Humanity uses up full year's global resources by July, now living on credit

Science & Environment  Getty ImagesEyeEmBernt Ove Moss
JUL 28, 2022 LISTEN
© Getty Images/EyeEm/Bernt Ove Moss

Thursday 28 July is Earth Overshoot Day. By that date, humanity had consumed all the earth can sustainably produce for the entire year 2022, according to calculations made by the Global Footprint Network. Every year, the date of Overshoot Day advances inexorably.

"From 1 January to 28 July, humanity has used as much from nature as the planet can renew in the entire year. That's why 28 July is Earth Overshoot Day," said Mathis Wackernagel, president of the Global Footprint Network.

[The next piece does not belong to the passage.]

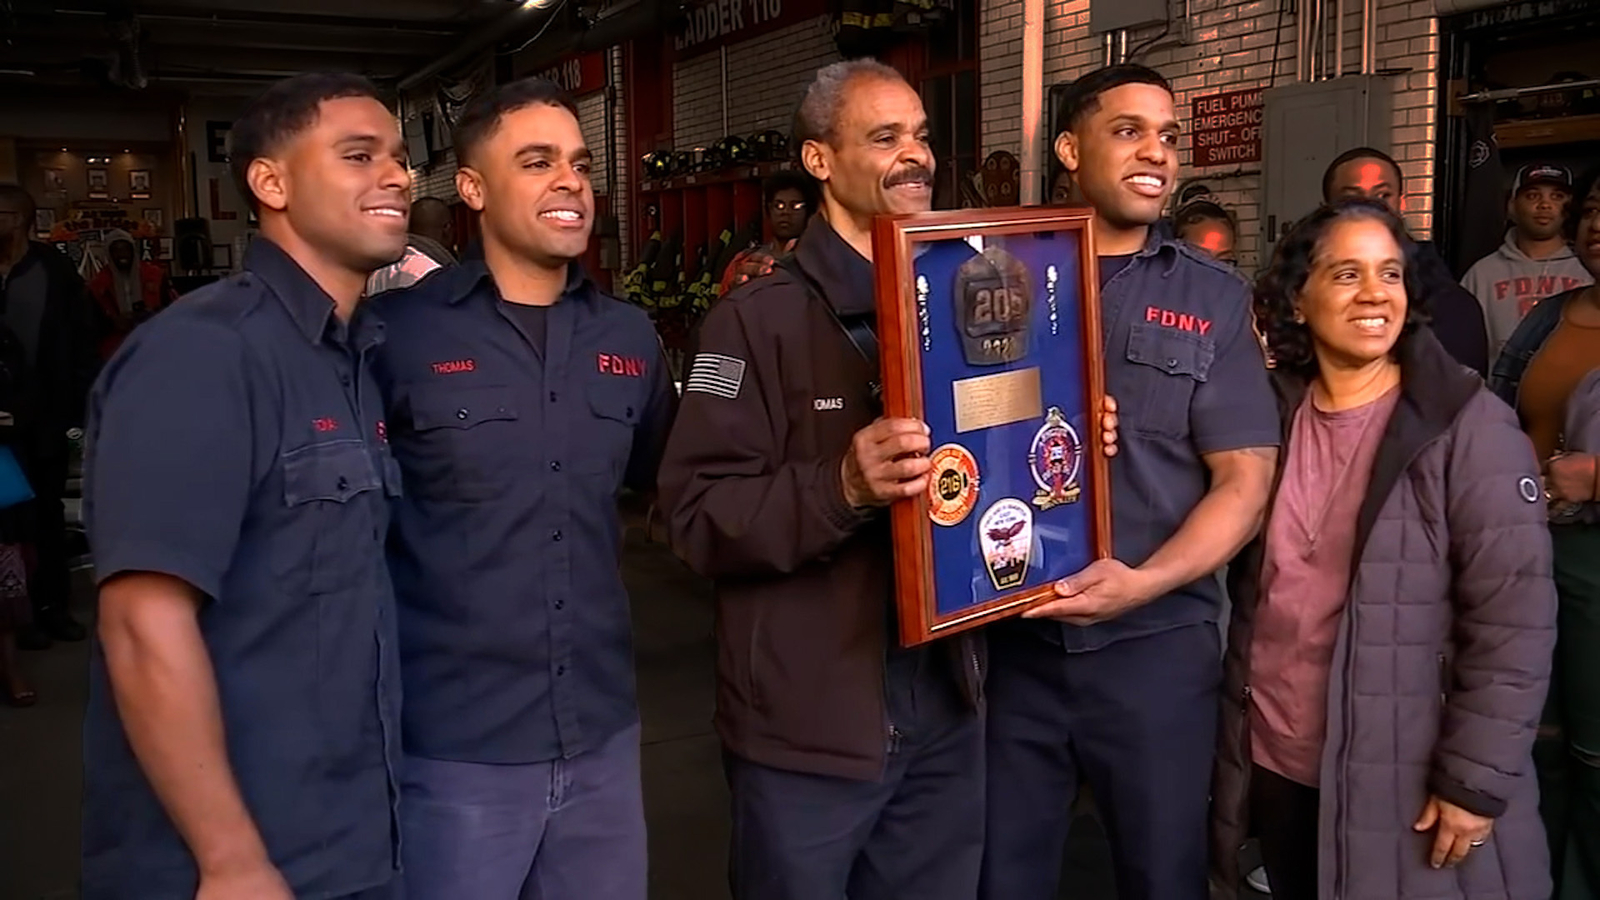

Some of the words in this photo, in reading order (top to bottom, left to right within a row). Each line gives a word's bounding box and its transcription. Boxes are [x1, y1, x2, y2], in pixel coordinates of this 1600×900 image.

He added: "The Earth has a lot of stock, so we can deplete Earth for some time but we cannot overuse it for ever."

Global Footprint Network said Earth Overshoot Day has fallen ever sooner over the last 50 years.

In 2020, the date moved back three weeks due to the Covid-19 pandemic, before returning to pre-pandemic levels.

If everyone lived like an American, the date would have fallen even earlier, on 13 March, Wackernagel added.

Agriculture and livestock farming singled out

The two NGOs Global Footprint Network and WWF point the finger at the food production system and its "considerable" ecological footprint.

"In total, more than half of the planet's biocapacity is used to feed humanity," they said.

"A large part of the food and raw materials are used to feed animals, animals that are consumed afterwards", exlained Pierre Cannet of WWF France.

In the EU, "63 percent of arable land . . . is directly associated with animal production", he added.

"Agriculture contributes to deforestation and climate change by emitting greenhouse gases, it results in the loss of biodiversity and degradation of ecosystems, while using a significant share of fresh water," the NGOs said.

Reducing meat consumption

Based on scientific advice, the two organisations recommend reducing meat consumption in rich countries.

"If we could cut meat consumption by half, we could move the date of the overshoot by 17 days," said Laetitia Mailhes of the Global Footprint Network.

"Limiting food waste would push the date back by 13 days, that's not insignificant," she added, noting that one-third of the world's food is wasted.